アフガニスタンでの1980年代のCIA戦争後期に、急進的イスラム主義ムジャヒディンやタリバン傭兵と協力して、ハリルザドはアフガニスタンに最も影響力を持ったアメリカ人政策者として登場した。1988年までに、ハリルザドは元CIA長官長の息子ジョージ・ブッシュの下で、国務省のアフガニスタン「特別顧問」になっていた。その職位で、彼は、タリバンを含め、直接、ムジャヒディンと交渉する人物だった。

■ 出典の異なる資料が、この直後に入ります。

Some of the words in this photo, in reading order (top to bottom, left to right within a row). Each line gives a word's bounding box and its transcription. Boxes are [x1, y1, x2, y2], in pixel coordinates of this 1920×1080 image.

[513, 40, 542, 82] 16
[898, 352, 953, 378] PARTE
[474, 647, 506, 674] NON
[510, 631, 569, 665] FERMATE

それまでに、彼は、ジミー・カーター大統領のアフガニスタン戦争戦略家ズビグネフ・ブレジンスキーと親しくなっていた。ブレジンスキーのコロンビア大学で教えた後、ハリルザドは、ブレジンスキーとキッシンジャーのパートナー、ローレンス・イーグルバーガーがメンバーだったFriends of Afghanistanという有力ロビー集団の事務局長になった。Friends of Afghanistanは、USAID資金で、ムジャヒディンに対するアメリカの強力な支持を得るべく議会に働きかけていた。ハリルザドも、ムジャヒディンに、アメリカの高度なスティンガー・ミサイルを与えるべく、成功裏にロビー活動した。この期間に、ハリルザドは、ムジャヒディン、タリバン、オサマ・ビンラディンや、後に(ロシアで活動を禁止されたテロ組織)アルカイダとなったものと取り引きをしていた。

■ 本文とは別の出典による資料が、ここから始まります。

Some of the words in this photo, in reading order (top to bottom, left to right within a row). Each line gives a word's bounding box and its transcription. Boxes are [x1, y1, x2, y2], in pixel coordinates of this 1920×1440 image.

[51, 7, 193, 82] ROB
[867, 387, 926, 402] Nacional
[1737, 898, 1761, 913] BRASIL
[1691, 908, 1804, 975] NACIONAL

2002年早々、ジョージ・W・ブッシュ政権で、ハリルザドは大統領のアフガニスタン特別公使に任命された。CIAの手先ハミド・カルザイを、アフガニスタン大統領に据えるのに直接関与していた。ハミドの弟はアフガニスタン最大のアヘン州カンダハルの司令官で、少なくとも2001年からCIAに金を貰っていた。ハリルザドは明らかに気付いていた。
ハリルザド自身は、ザルマイが、1960年代、カリフォルニア州セレスで、AFS交換高校生だった時に、CIA採用担当者トーマス・E・グティエレに「選ばれ」たとされている。グティエレはオマハのネブラスカ大学で、CIAから融資を受けるアフガニスタン研究センターを率いていた。それは彼が、人生で、アメリカのアフガニスタン政策、更に、それ以上のものへと、格別な影響力の地位に出世した背景の説明になるだろう。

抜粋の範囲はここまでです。